──────── DATA TO PROCESS ────────

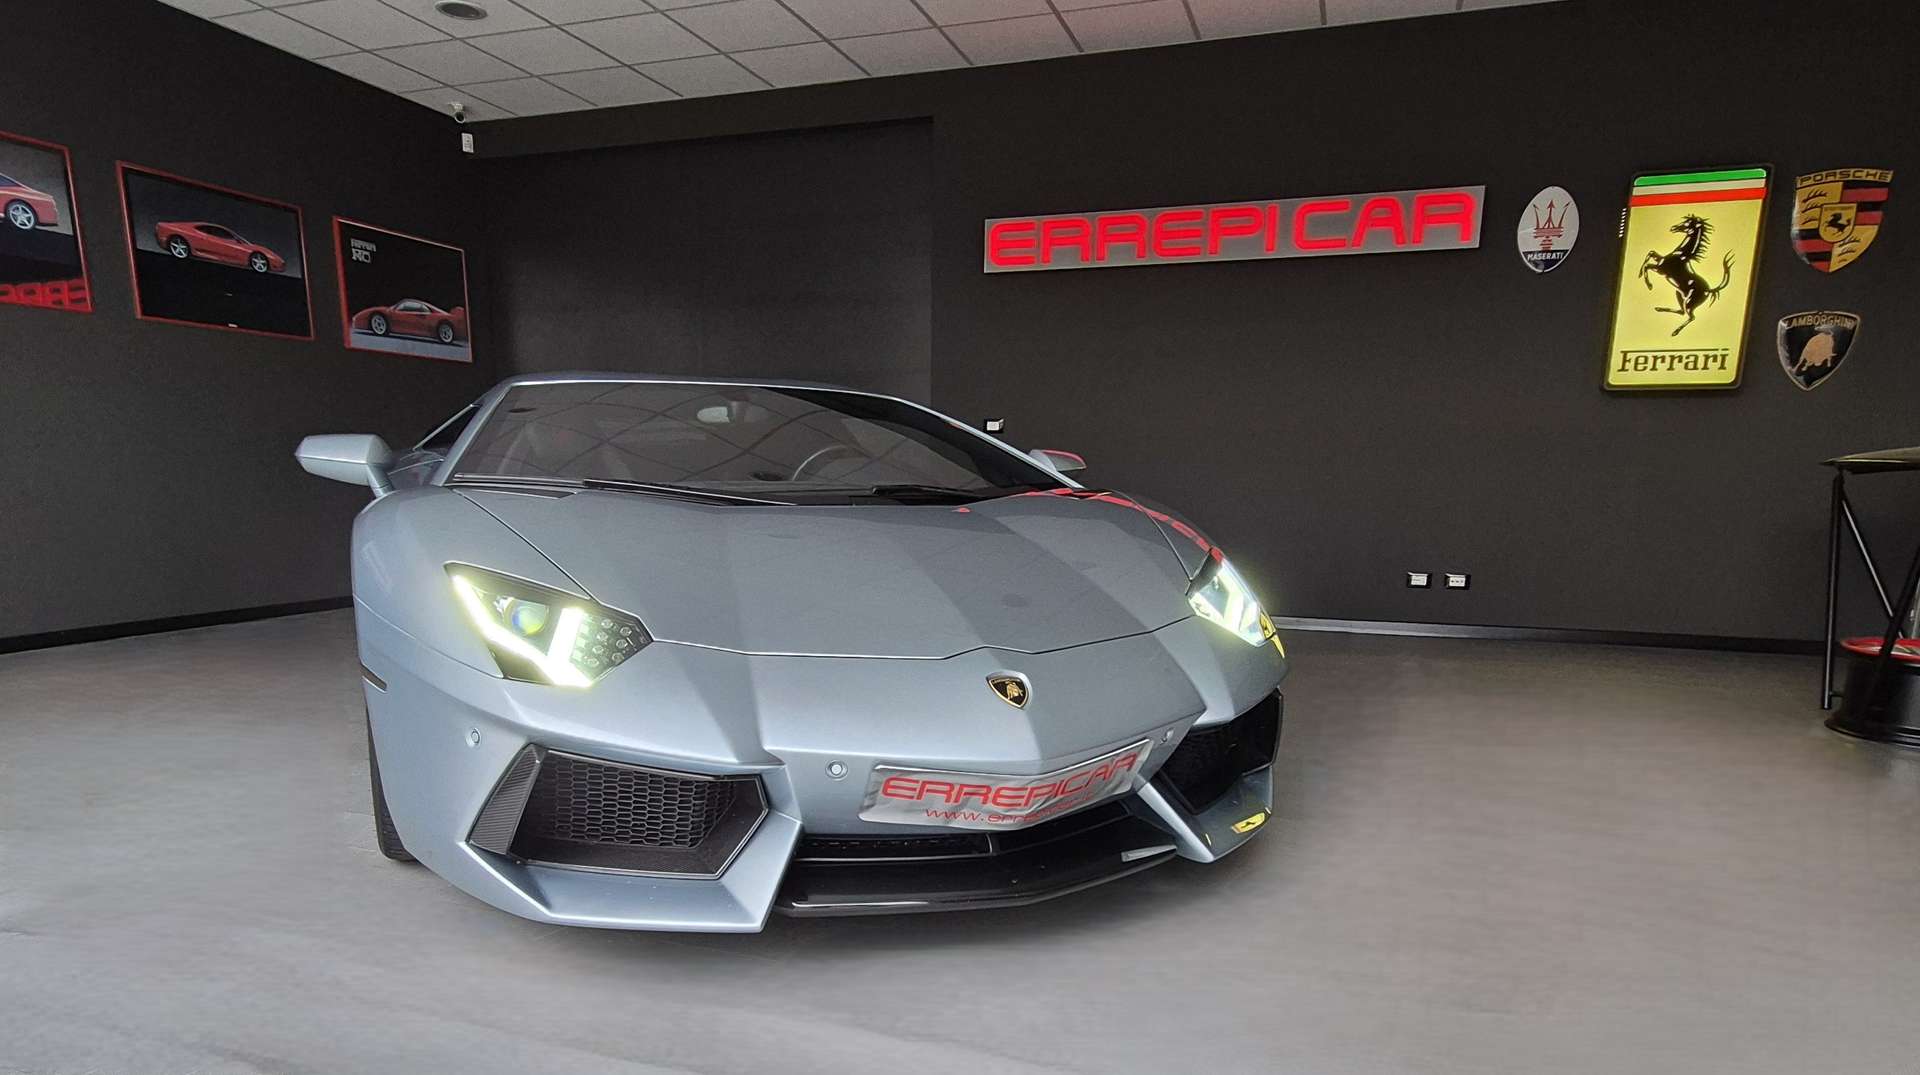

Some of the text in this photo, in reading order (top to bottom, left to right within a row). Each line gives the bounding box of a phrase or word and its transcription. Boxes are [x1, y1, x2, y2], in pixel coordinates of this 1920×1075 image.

[1800, 169, 1891, 185] PORSCHE
[1527, 252, 1564, 260] MASERATI
[1784, 314, 1856, 329] LAMBORGHINI
[1617, 348, 1729, 372] Ferrari
[880, 751, 1139, 808] ERREPICAR

────────

■ TASK REQUIREMENTS
Output the material above word for word. Leave out its images.

■ THE ANSWER
Some of the text in this photo, in reading order (top to bottom, left to right within a row). Each line gives the bounding box of a phrase or word and its transcription. Boxes are [x1, y1, x2, y2], in pixel coordinates of this 1920×1075 image.

[1800, 169, 1891, 185] PORSCHE
[1527, 252, 1564, 260] MASERATI
[1784, 314, 1856, 329] LAMBORGHINI
[1617, 348, 1729, 372] Ferrari
[880, 751, 1139, 808] ERREPICAR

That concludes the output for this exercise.